Instructions to follow: For this exercise, copy the records below exactly and exclude every image.

Dataset excerpts:
******************************
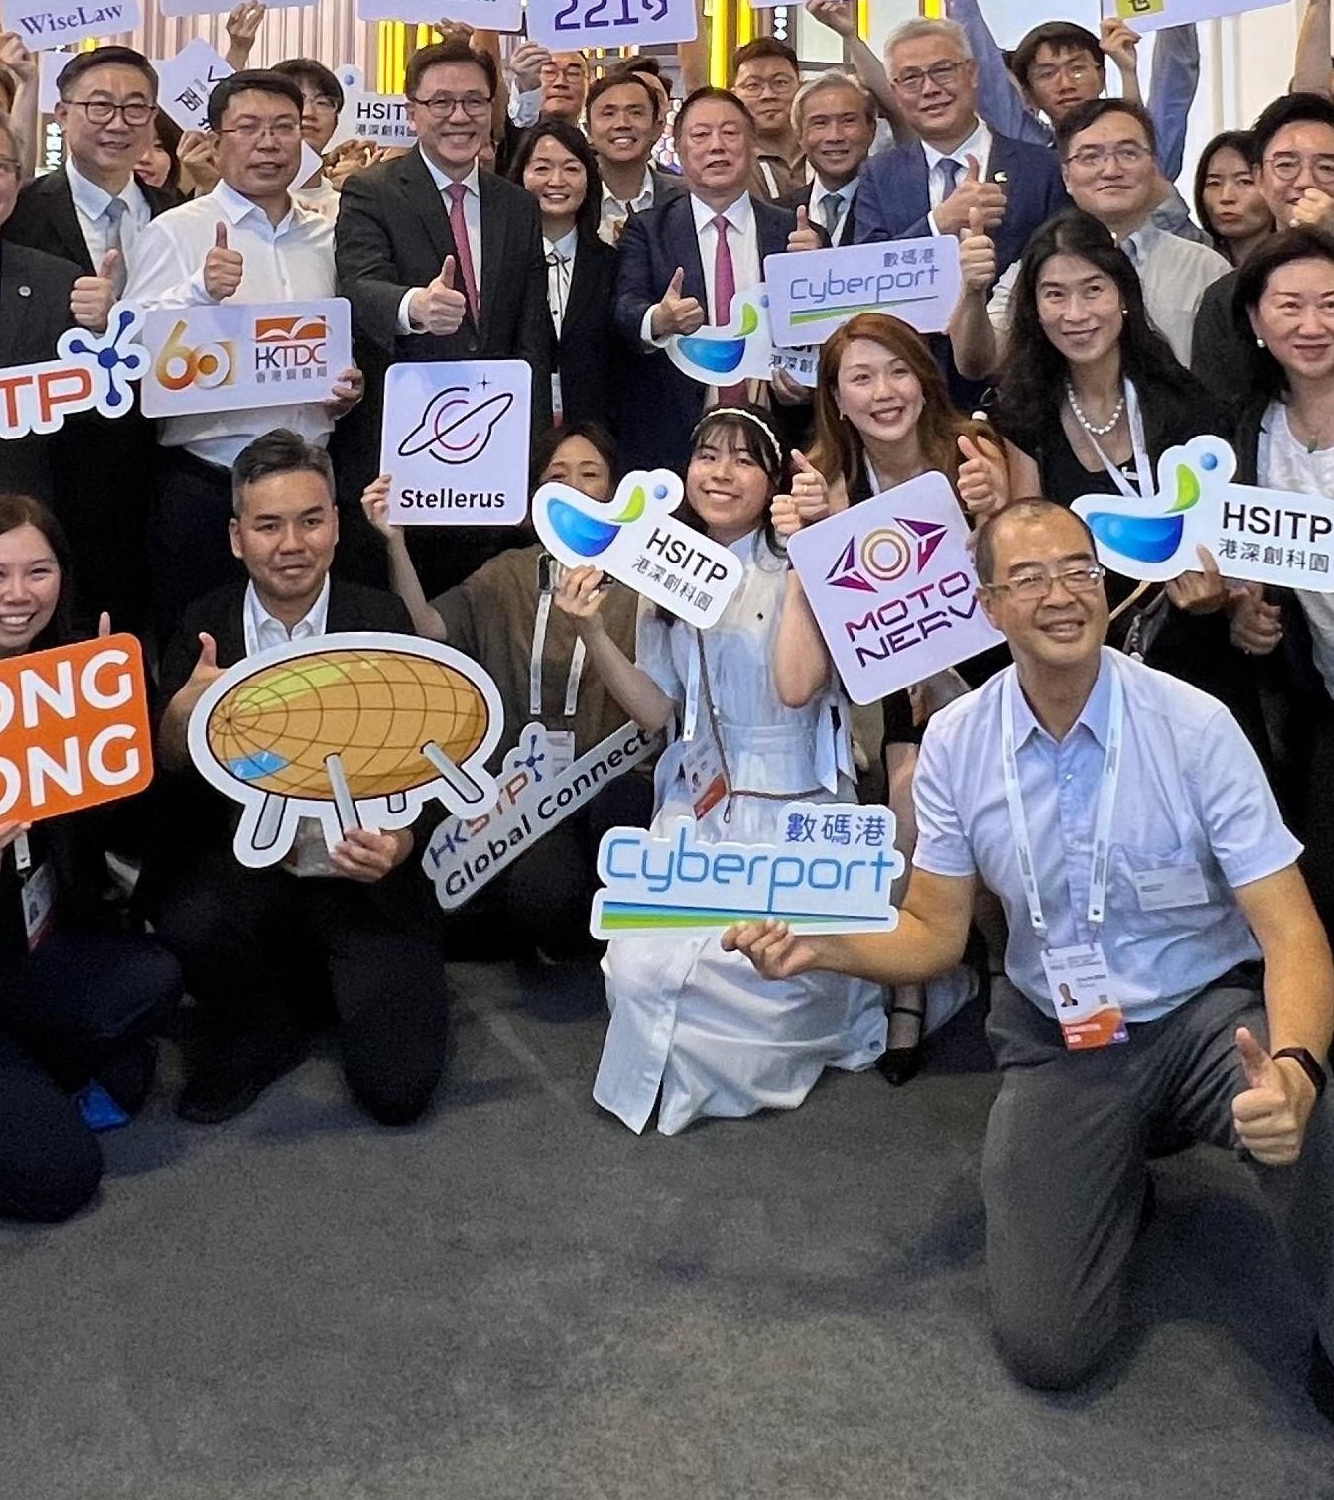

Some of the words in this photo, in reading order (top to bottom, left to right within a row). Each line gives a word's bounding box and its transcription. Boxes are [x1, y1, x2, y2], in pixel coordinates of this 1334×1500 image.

[18, 3, 124, 37] WiseLaw
[357, 102, 405, 120] HSIT
[883, 248, 936, 269] 數碼港
[790, 264, 940, 304] Cyberport
[255, 343, 328, 371] HKTDC
[399, 486, 506, 511] Stellerus
[1222, 501, 1333, 544] HSITP
[645, 526, 730, 586] HSITP
[1217, 537, 1331, 574] 港深創科園
[631, 553, 716, 613] 港深創科園
[844, 570, 971, 643] MOTO
[445, 813, 532, 896] Global
[536, 728, 651, 820] Connect
[784, 811, 887, 848] 數碼港
[605, 833, 897, 912] Cyberport
******************************
Written reply:
Some of the words in this photo, in reading order (top to bottom, left to right within a row). Each line gives a word's bounding box and its transcription. Boxes are [x1, y1, x2, y2], in pixel coordinates of this 1334×1500 image.

[18, 3, 124, 37] WiseLaw
[357, 102, 405, 120] HSIT
[883, 248, 936, 269] 數碼港
[790, 264, 940, 304] Cyberport
[255, 343, 328, 371] HKTDC
[399, 486, 506, 511] Stellerus
[1222, 501, 1333, 544] HSITP
[645, 526, 730, 586] HSITP
[1217, 537, 1331, 574] 港深創科園
[631, 553, 716, 613] 港深創科園
[844, 570, 971, 643] MOTO
[445, 813, 532, 896] Global
[536, 728, 651, 820] Connect
[784, 811, 887, 848] 數碼港
[605, 833, 897, 912] Cyberport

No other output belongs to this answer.